"Before, there was a general consensus that surf stories were at least written by real human beings. No more!"
Revelations that Surfer magazine and its parent company The Arena group are employing AI bots to both curate and write content have rocked the tight-knit surf journalist community to its core.
What was once a proud, well-respected profession of learned scholars and literary giants has been infiltrated by insentient, ethically-blind copy farmers.
While the last decade or so has seen a rise in Nick Carroll’s “new sarcasm” generation, many hiding behind anonymous handles and pseudonyms to produce morally spurious content, there was a general consensus that the articles they were producing were at least written by real human beings.
But now, devastatingly realistic AI-generated avatars walk among us. Some borrow accredited human bylines to produce their work. Others are seemingly concocted from scratch; their entire online existence only a facsimile of a shadow of a soul’s echo.
This is to say there is now an existential crises among the international surf journalist scene. No longer do writers congregate in small editorial offices where they can smell, taste, touch their comrades. The world is now so dispersed, that many writers may go their entire career yet never even meet each other in the flesh.
Furtive glances shoot back and forth the digital divide amongst even well-established scribes as to who is real, who is not.
Indeed, some are so contorted, so self-consumed, they may even be questioning their own existence.
To answer this fundamental question, a new approach is required.
You may remember the Voight-Kampff test from the science fiction classic Bladerunner. It is set in a near-future dystopia where androids live amongst humans, indistinguishable only to the most discerning of eyes. In it, the The Voigt-Kampff Empathy Test is designed to determine androids from humans by articulating the subject’s ability to empathize; something still impossible for the artificial mind.
I propose here a similar test, designed to specifically target the surf journalist community, and determine once and for all which were born kicking and screaming into this world and which were created on a desktop somewhere in Silicon Valley.
A sample of questions below. Do you dream of electric sheep?
Question: You are offered a full-time writing position with a well-known surfing publication. It is secure, cushy, and handsomely remunerated. However, it does require you to forego certain editorial liberties when it comes to particular sponsors and surfers.
A. Refuse the offer and tell the bastards they’ll prise your independence from your cold, dead, amyl-nitrate stained hands; before reneging and re-accepting soon after receiving your next child support bill.
B. Accept the offer as long as you’re allowed to do key bumps before zoom meetings.

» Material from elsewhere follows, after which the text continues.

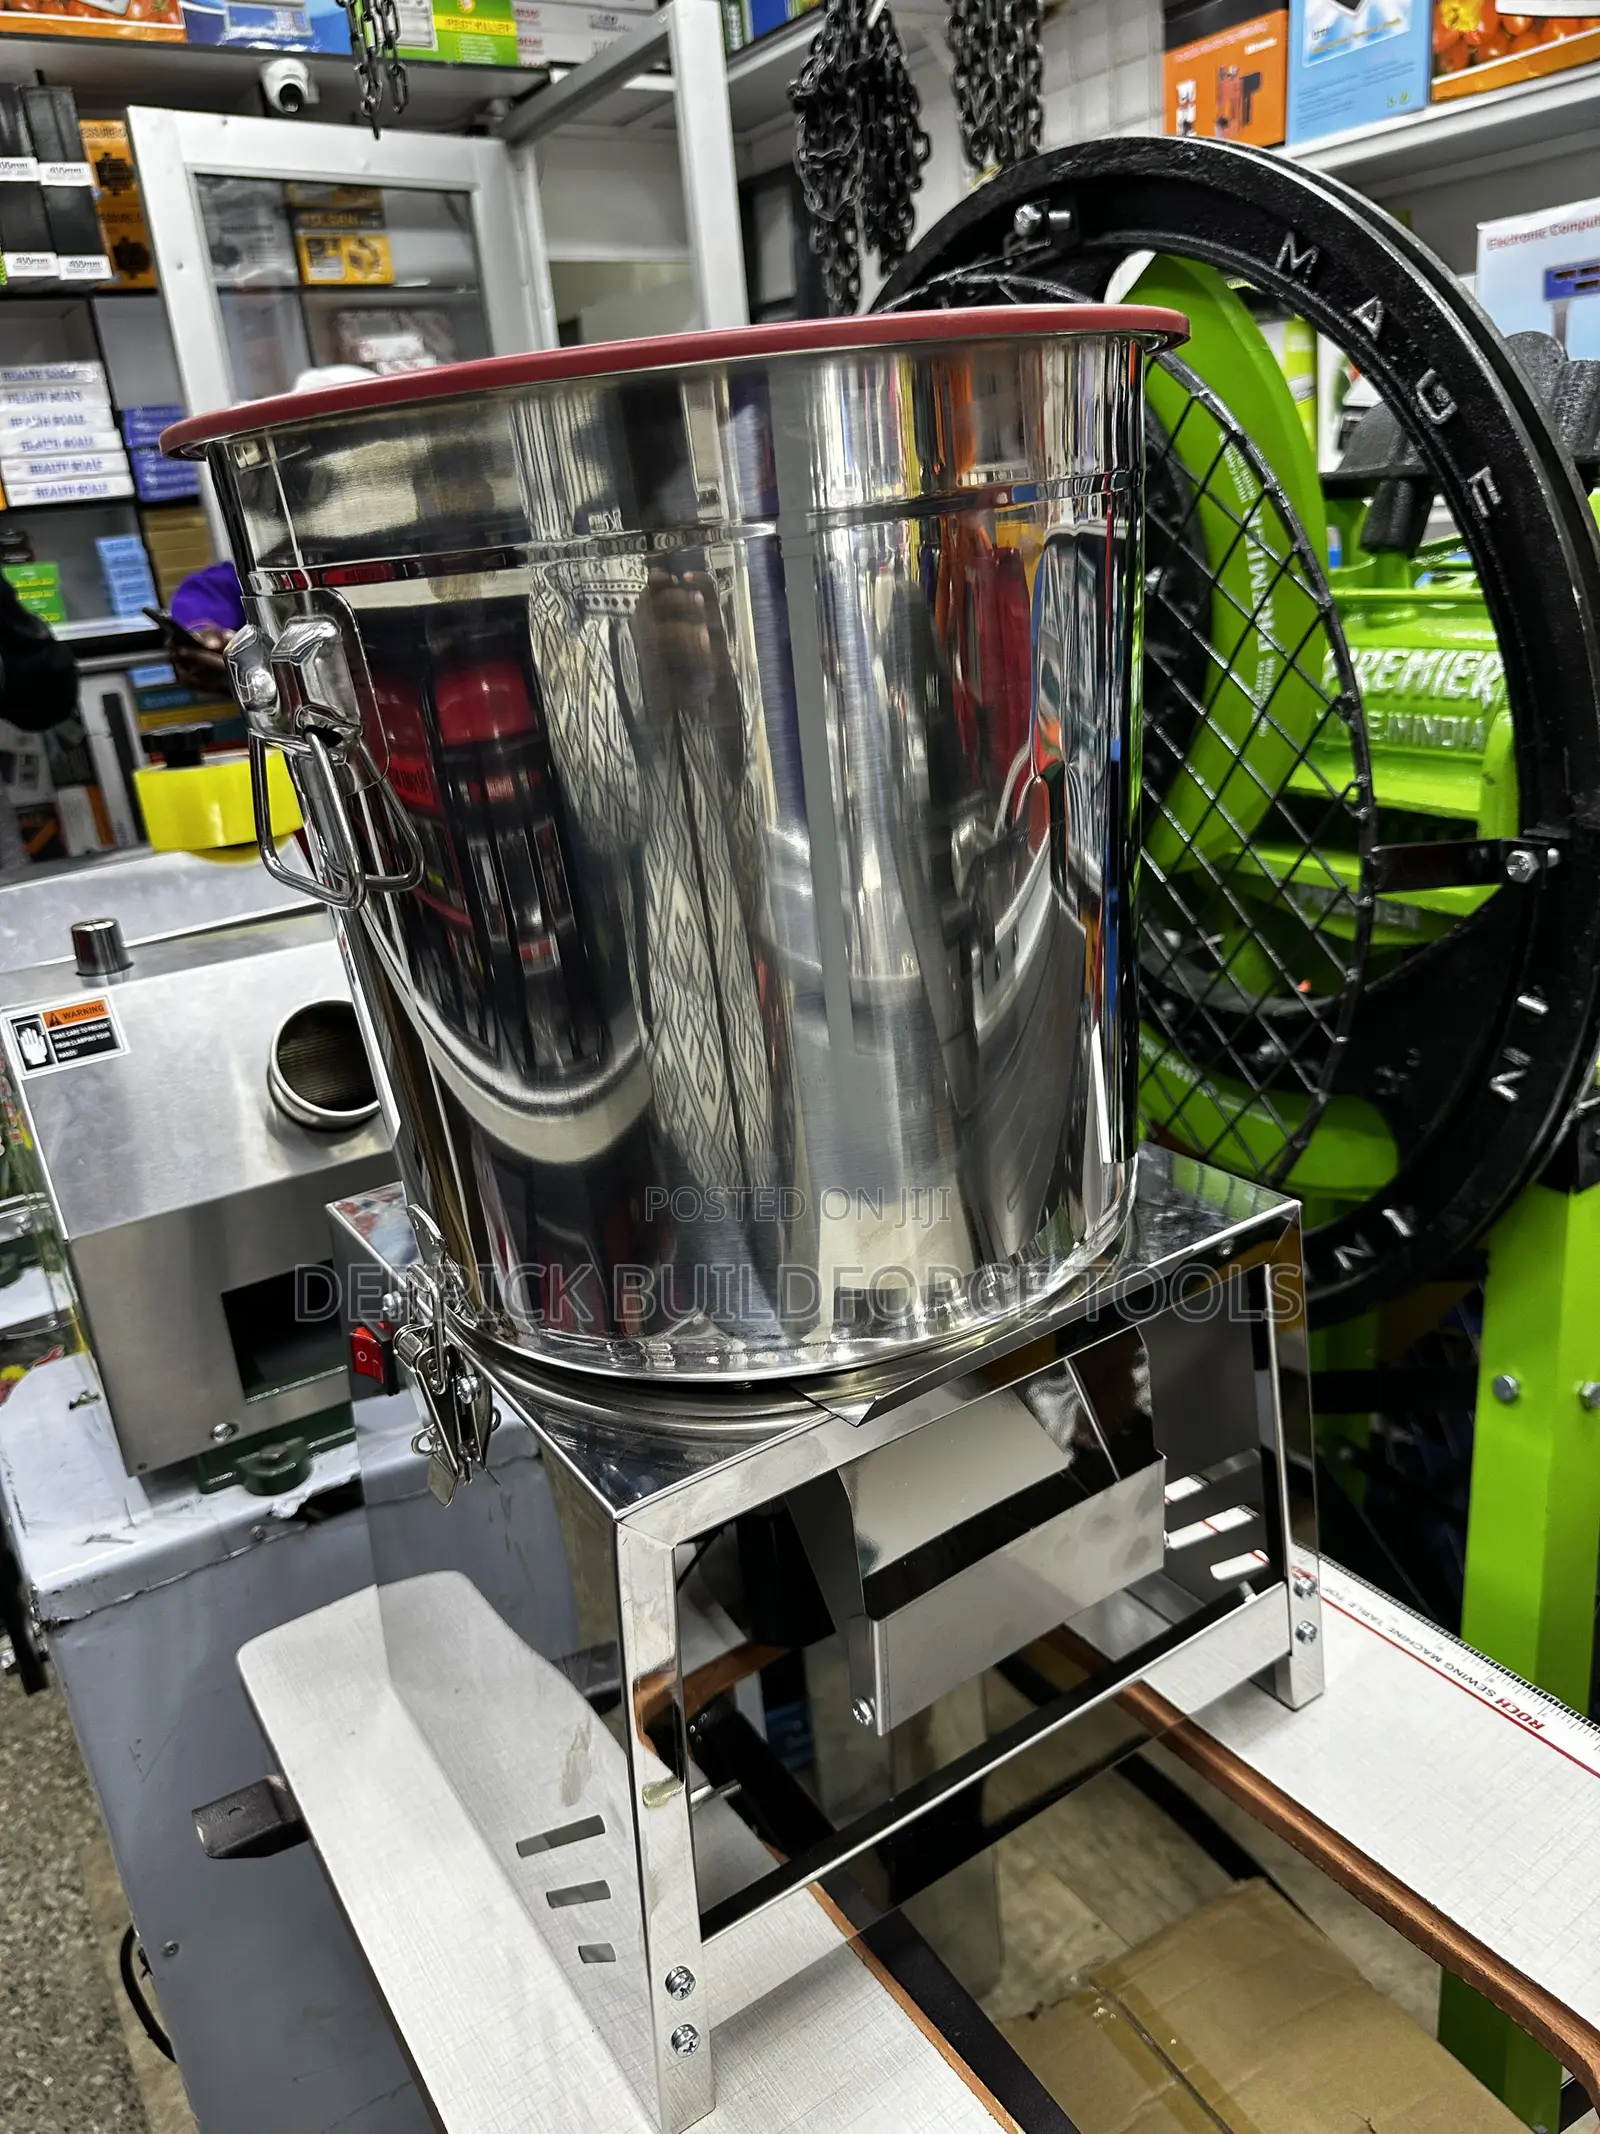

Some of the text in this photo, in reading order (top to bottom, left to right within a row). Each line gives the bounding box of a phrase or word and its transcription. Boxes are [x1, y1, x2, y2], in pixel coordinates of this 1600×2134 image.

C. Accept the offer as long as you’re allowed to meet Gerry Lopez.
D. All of the above
Question: you receive an anonymous tip-off that the parent company of the publication you write for is bankrolling the development of a major hotel-marina in a developing country that will result in the destruction of a once-secret heaving reef slab. Keeping silent will mean you have to betray various moral and ethical boundaries you had committed to when you first became a surf journalist, but reporting the story will mean you lose your job.
A. Write the story, only to have it withheld at the last minute by a former friend who is now the COO of the mooted project. You have a fist fight at the hotel bar in front a group of bewildered tourists, blood flying across the room like a sprinkler under the summertime sun, before he finally forces you to sign an NDA feat. a handsome hush payment. You walk back to your hotel room, spitting crimson shaded teeth onto the tastefully-tiled walkway, wondering what your life has become, before immediately booking a four week trip to the Ments and three new Arakawas.
B. Withhold the story, accept shares in the new development, and marry one of the local women because at least they know how to treat a man right. Also, what’s an ethical boundary?
C. Not even consider doing the story, and instead write an article promoting the development titled ‘Top 5 outdoor sports for when the ocean waves are flat.’ Also, what’s a heaving reef slab?
D. All of the above
Question: You’re offered an opportunity to surf in Kelly Slater’s new Dubai Wave Pool as an official guest of the UAE government.
A. Tell that shiny-headed dilettante that he can take his environment-destroying, civil-liberty-depriving wavepool and shove it up his arse; without admitting you’re actually just scared of bogging a rail on your first turn.
B. Accept and wonder if this means you can now take on a harem.
C. Accept, as long as he can keep it on the intermediate setting.
D. All of the above.
If you answered:
Mostly A) You are indeed a living, breathing, grizzled surf journalist. You are free to continue raging against the machine while turning a blind eye where needed; your life a booze and pill-festooned monument to compromise. Hey, at least you still have that novel to work on.
Mostly B) You’re the best kind of surf journalist: an industry-embracing, grammar-eschewing advertorial hack who either doesn’t know or doesn’t care about journalistic integrity. And why should you? It’s just fucken surfing after all. Ignorance is bliss.
Mostly C) You are an insentient, asinine, malignant copy-bot. Artificial unintelligence. The harbinger of humanity’s downfall. Or you might just work for The Inertia. Please report to me for further testing to determine where there’s a difference between the two.
Mostly D) You are Matt George. Keep shining bright, you crazy animal.